▶ [BRIEF]
Transcribe all of the records, leaving out any pictures.

Data records
>>>>>

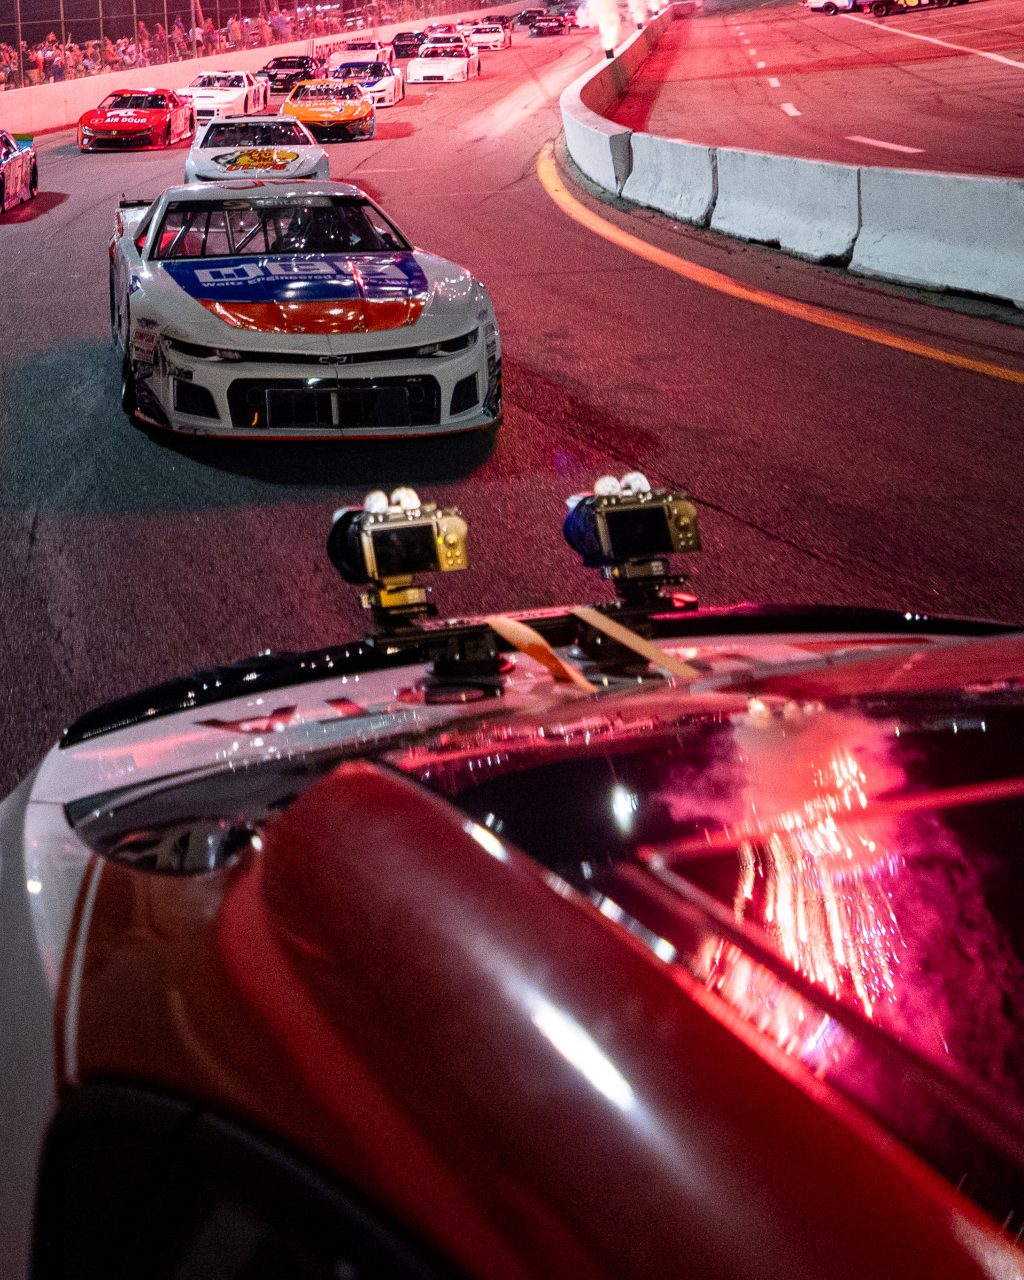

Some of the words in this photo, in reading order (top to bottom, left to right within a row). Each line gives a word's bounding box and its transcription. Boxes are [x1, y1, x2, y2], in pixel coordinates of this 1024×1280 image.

[121, 117, 148, 125] DOUG
[202, 278, 243, 288] Waltz
[247, 274, 333, 286] Engineered
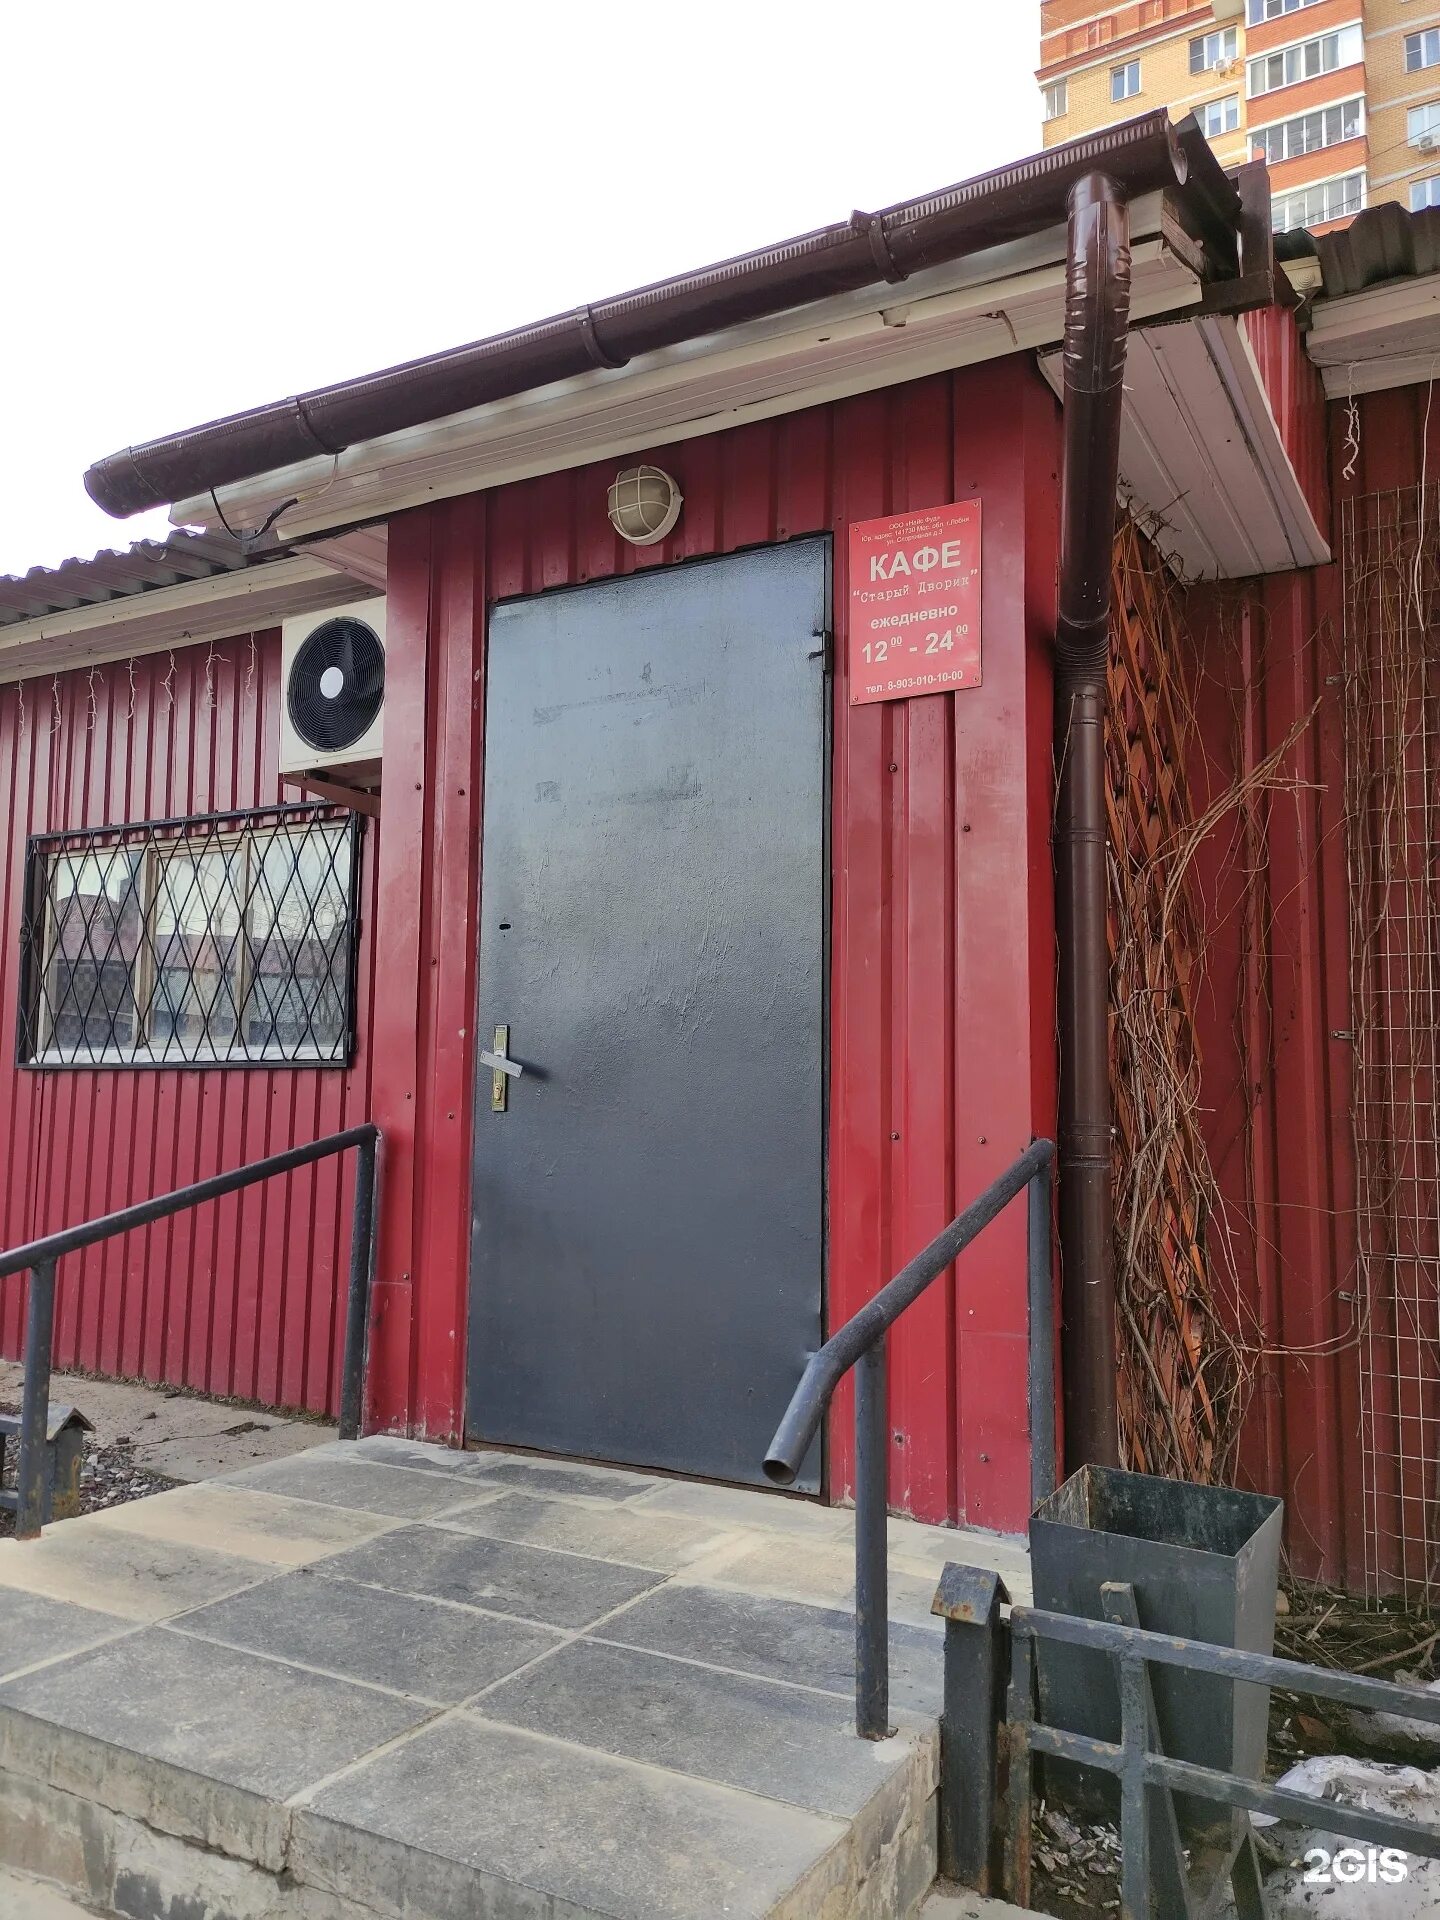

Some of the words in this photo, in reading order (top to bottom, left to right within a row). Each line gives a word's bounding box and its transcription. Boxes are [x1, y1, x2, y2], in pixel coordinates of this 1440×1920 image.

[869, 539, 962, 583] КАФЕ
[870, 605, 958, 630] ежедневно
[865, 684, 885, 694] тел.
[887, 670, 963, 691] 8-903-010-10-00

<<<<<

▶ [EXERCISE RESULT]
Some of the words in this photo, in reading order (top to bottom, left to right within a row). Each line gives a word's bounding box and its transcription. Boxes are [x1, y1, x2, y2], in pixel coordinates of this 1024×1280 image.

[121, 117, 148, 125] DOUG
[202, 278, 243, 288] Waltz
[247, 274, 333, 286] Engineered

Some of the words in this photo, in reading order (top to bottom, left to right within a row). Each line gives a word's bounding box and its transcription. Boxes are [x1, y1, x2, y2], in pixel coordinates of this 1440×1920 image.

[869, 539, 962, 583] КАФЕ
[870, 605, 958, 630] ежедневно
[865, 684, 885, 694] тел.
[887, 670, 963, 691] 8-903-010-10-00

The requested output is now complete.